Chimi struggles to accept Chaitu as part of the family, while Mani, who is developmentally delayed, forms a different bond with him. Alongside this, the narrative also explores the lives and interactions of Shankar's sister and two brothers, adding another dimension to the family dynamic.

== Cast ==
- Shrinivas Pokale as Chaitanya "Chaitya" Bhosale
- Treesha Thosar as Chimi aka Revati Lokhande
- Bhargav Jagtap as Mani Lokhande
- Nagraj Manjule as Shankar Bhosale
- Devika Daftardar as Sumi Bhosale
- Deepti Devi as Parvati Lokhande
- Jitendra Joshi as Ajinath Lokhande
- Somnath Awghade as Special appearance

==Production==
In September 2022, Nagraj Manjule announced sequel "Naal 2". On 1 October 2022, principal photography started, teaser released on 9 October 2023.

== Soundtrack ==

The songs are composed by AV Prafullachandra and the lyrics are penned by Vaibhav Deshmukh. The first song titled "Bhingori" was released on 19 October 2023 and Second song titled "Darav Darav" was released on 30 October 2023.

Track listing
| No. | Title | Singer(s) | Length |
|---|---|---|---|
| 1. | "Bhingori" | Master Avan, Kadubai Kharat, Manish Rajgire, Nagesh Morvekar | 3:59 |
| 2. | "Darav Darav" | Jayesh Khare, Master Avan | 3:23 |
| 3. | "Godi Hi Dostichi" | Gauri Gosavi | 4:28 |
| 4. | "Darav Darav (Reprise)" | Padmanabh Gaikwad, Master Avan | 3:26 |
| 5. | "Darav Darav (Endscroll Version)" | Padmanabh Gaikwad | 3:40 |
| 6. | "The Desire" | Gauri Gosavi, Swara Joshi, Anaya Desai, Palakshi Dixit | 4:53 |
| 7. | "The Wishing Well" | Master Avan | 5:05 |
| Total length: |  |  | 28:54 |

==Reception==
Nandini Ramnath from Scroll.in wrote "Shreenivas Pokale and Bhargav Jagtap have a compelling lack of self-consciousness, which lends credibility to their individual and shared moments. Treesha Thosar is so delightful that her occasionally overstated precocity is forgiven". Akhilesh Nerlekar from Loksatta wrote "In this episode, a very sweet story of the relationship between Chaitya and his sister Revati i.e. Chimi is presented to us. Like mother and child, the relationship between brother and sister is very pure, it does not matter whether it is blood or not. This very thing is very well shown in this second part". Devendra Jadhav from Sakal says "Siblings who save each other's lives as children grow up to be on top of each other's evil. So Naal Part 2 forces us to look within ourselves once again. Once again an innocent world stands before the eyes. And we revel in it for a moment. Bass! This is the success of Naal part 2". Kalpeshraj Kubal from The Times of India said, "Sudhakar has created a world that is full of innocence and emotions with this film. The first half hampers the flow of the film but the second part hits a homerun, making Naal 2 a good watch this weekend".
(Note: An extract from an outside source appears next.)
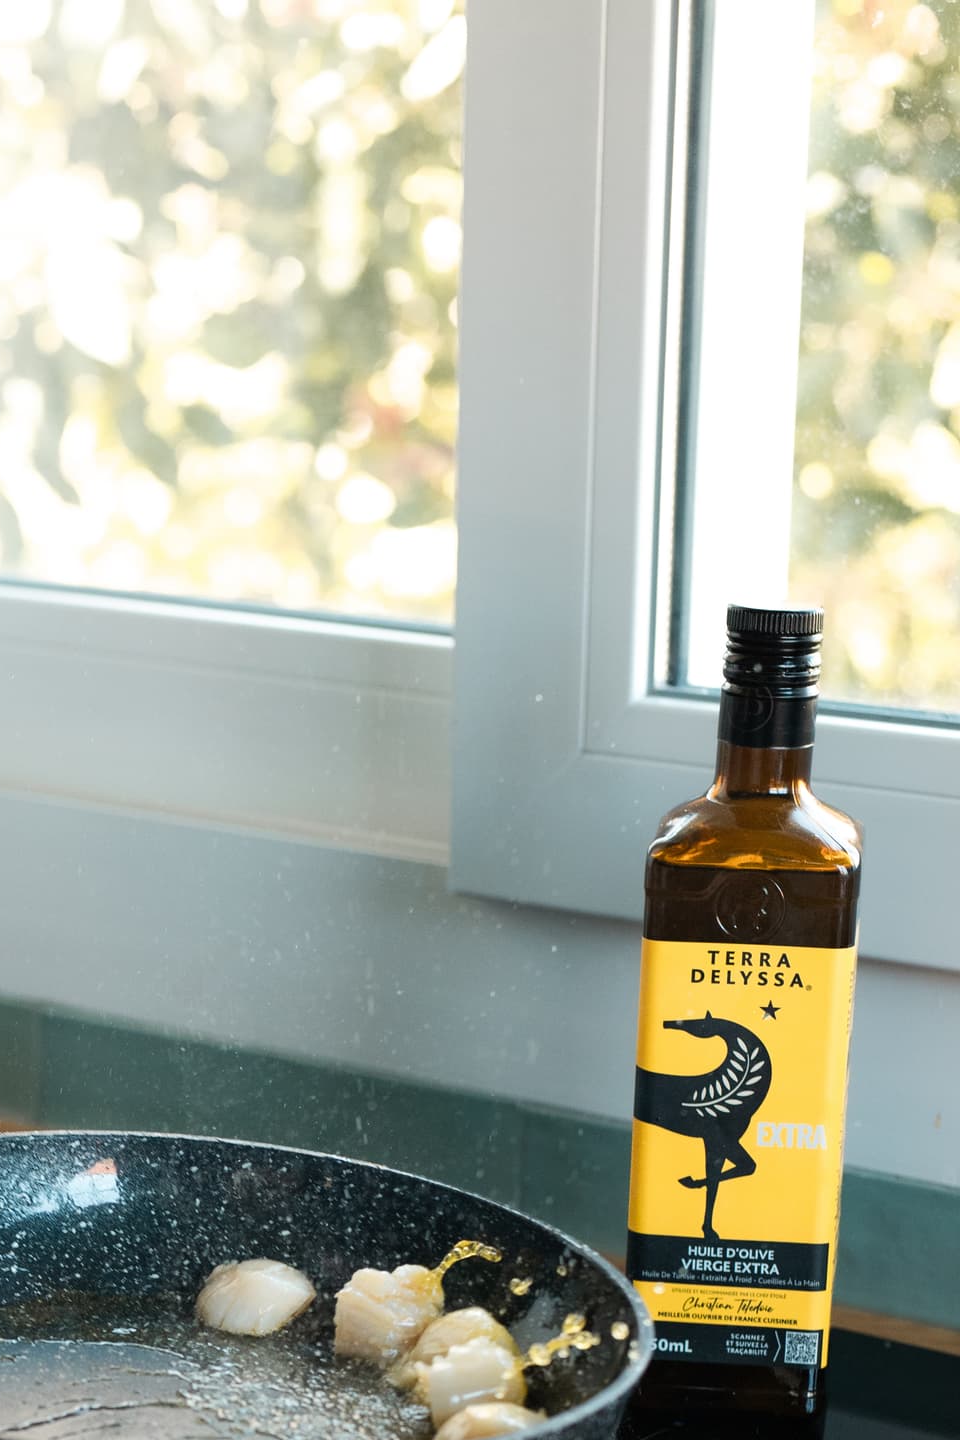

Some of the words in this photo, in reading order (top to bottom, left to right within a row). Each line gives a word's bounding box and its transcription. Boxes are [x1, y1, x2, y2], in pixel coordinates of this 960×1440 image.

Komal Nahta from Film Information wrote "Advait Nemlekar’s background music is impactful. Sudhakar Reddy Yakkanti’s camerawork is splendid. Neeraj Singh’s production designing is so-so. Sanchari Das Moulik’s editing is quite sharp". A reviewer of Nava Bharat wrote "In today's hectic life, if you want to watch a movie with a calm, moderate and simple but equally touching plot, you must watch Naal 2". Abhishek Khule from Maharashtra Times wrote "Watch this movie and decide for yourself. All in all, this masterpiece is visually pleasing and a good story to be enjoyed by the whole family".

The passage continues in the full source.